■ Exercise prompt: Leaving the pictures aside, transcribe every line below exactly.

■ Stored data entries:
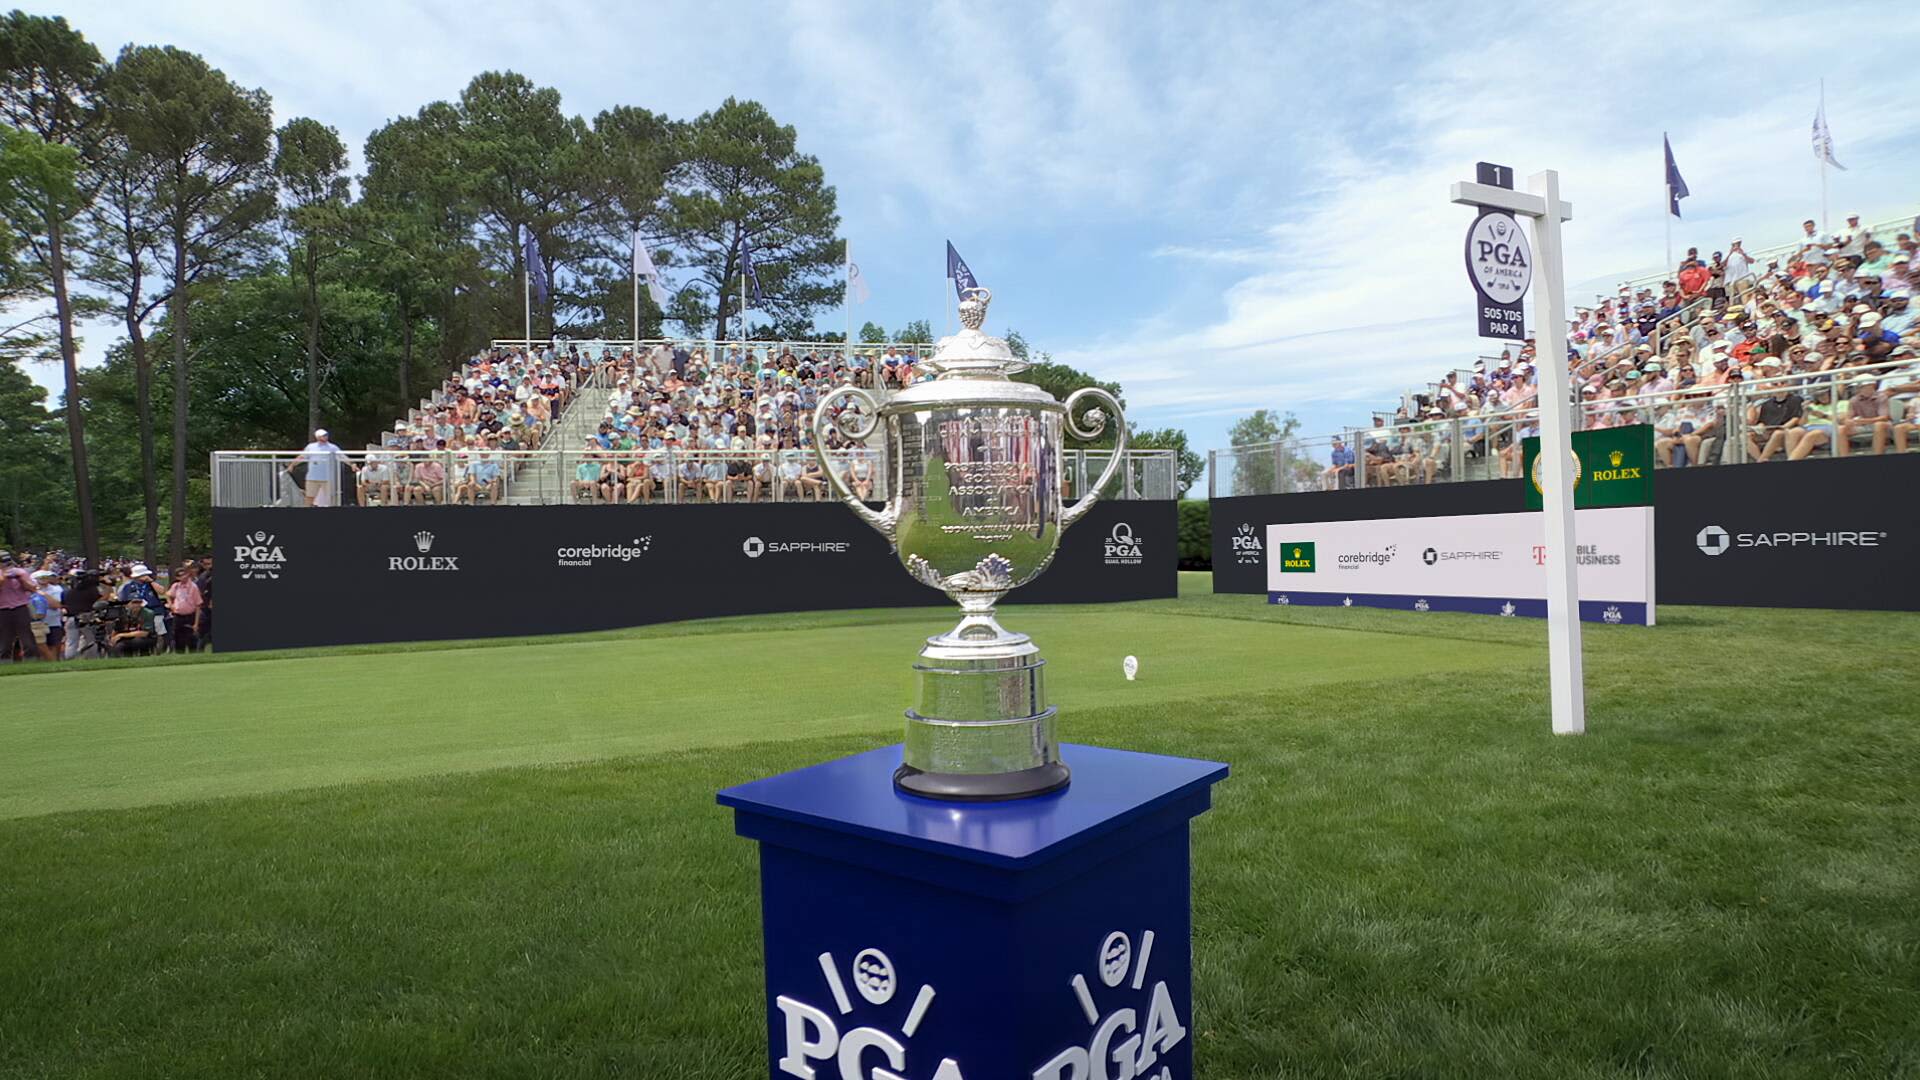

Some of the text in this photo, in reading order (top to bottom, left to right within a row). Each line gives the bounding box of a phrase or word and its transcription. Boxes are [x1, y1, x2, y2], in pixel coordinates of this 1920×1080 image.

[1493, 167, 1501, 186] 1
[1477, 240, 1528, 268] PGA
[1495, 268, 1523, 278] AMERICA
[1484, 307, 1522, 322] 505 YDS
[1490, 322, 1518, 336] PAR 4
[1592, 467, 1641, 482] ROLEX
[1232, 536, 1264, 550] PGA
[1736, 531, 1881, 547] SAPPHIRE
[233, 545, 288, 562] PGA
[557, 544, 642, 562] corebridge
[768, 542, 847, 553] SAPPHIRE
[1104, 545, 1143, 557] PGA
[387, 556, 460, 571] ROLEX
[558, 558, 592, 566] financial
[1284, 559, 1311, 568] ROLEX
[1338, 551, 1391, 566] corebridge
[1440, 551, 1502, 561] SAPPHIRE
[776, 995, 964, 1080] PG
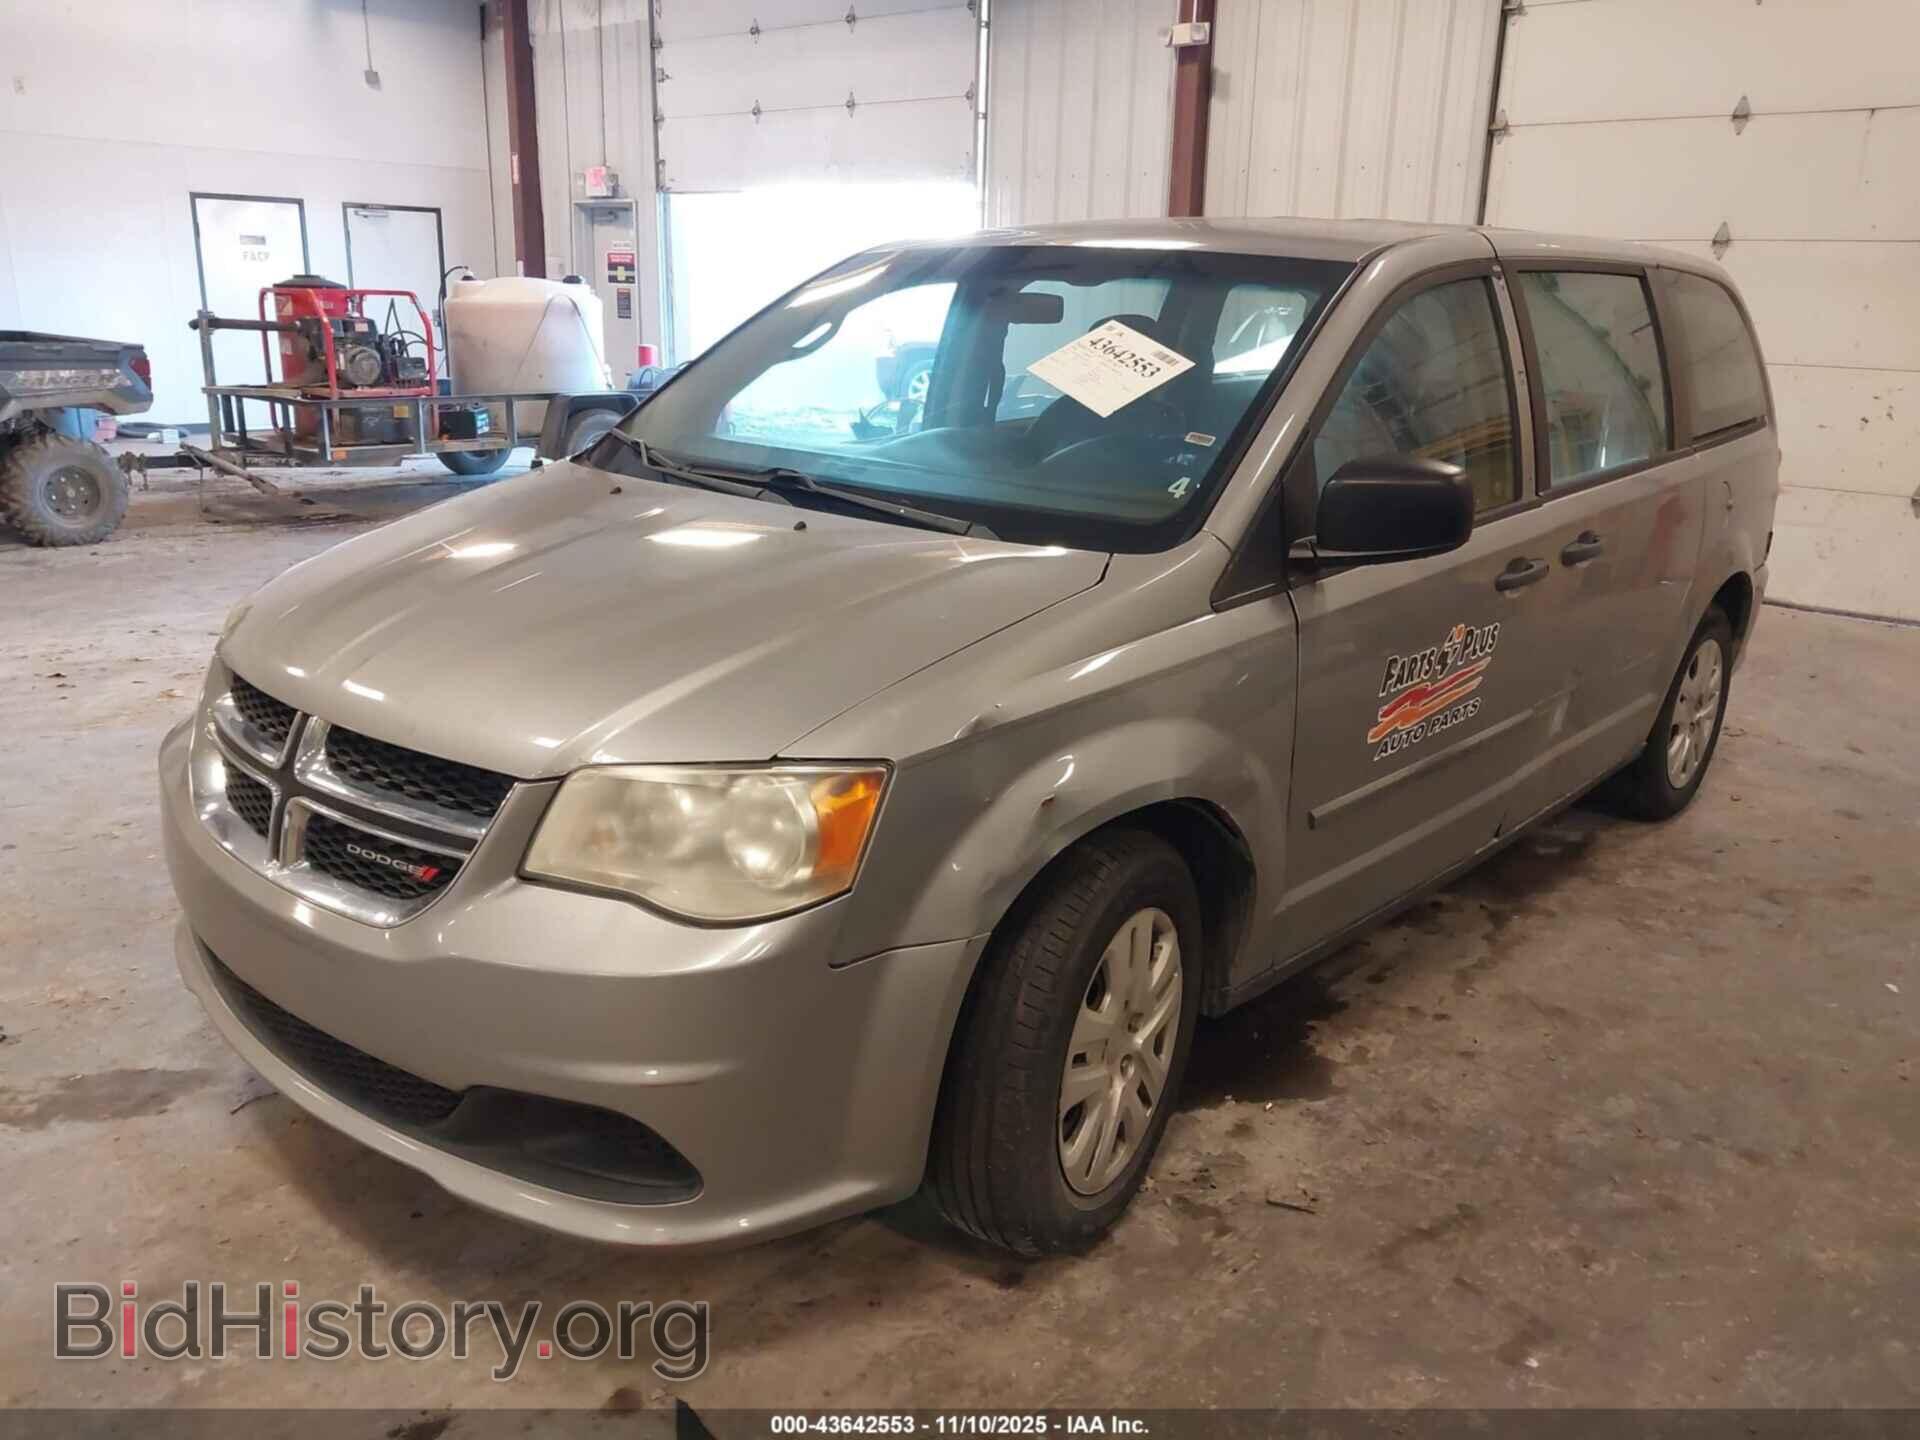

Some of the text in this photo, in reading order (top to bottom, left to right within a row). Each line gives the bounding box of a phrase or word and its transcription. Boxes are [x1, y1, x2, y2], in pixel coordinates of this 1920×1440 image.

■ Output for this exercise:
Some of the text in this photo, in reading order (top to bottom, left to right within a row). Each line gives the bounding box of a phrase or word and its transcription. Boxes are [x1, y1, x2, y2], in pixel coordinates of this 1920×1080 image.

[1493, 167, 1501, 186] 1
[1477, 240, 1528, 268] PGA
[1495, 268, 1523, 278] AMERICA
[1484, 307, 1522, 322] 505 YDS
[1490, 322, 1518, 336] PAR 4
[1592, 467, 1641, 482] ROLEX
[1232, 536, 1264, 550] PGA
[1736, 531, 1881, 547] SAPPHIRE
[233, 545, 288, 562] PGA
[557, 544, 642, 562] corebridge
[768, 542, 847, 553] SAPPHIRE
[1104, 545, 1143, 557] PGA
[387, 556, 460, 571] ROLEX
[558, 558, 592, 566] financial
[1284, 559, 1311, 568] ROLEX
[1338, 551, 1391, 566] corebridge
[1440, 551, 1502, 561] SAPPHIRE
[776, 995, 964, 1080] PG

Some of the text in this photo, in reading order (top to bottom, left to right within a row). Each line gives the bounding box of a phrase or word and its transcription. Boxes are [x1, y1, x2, y2], in pixel coordinates of this 1920×1440 image.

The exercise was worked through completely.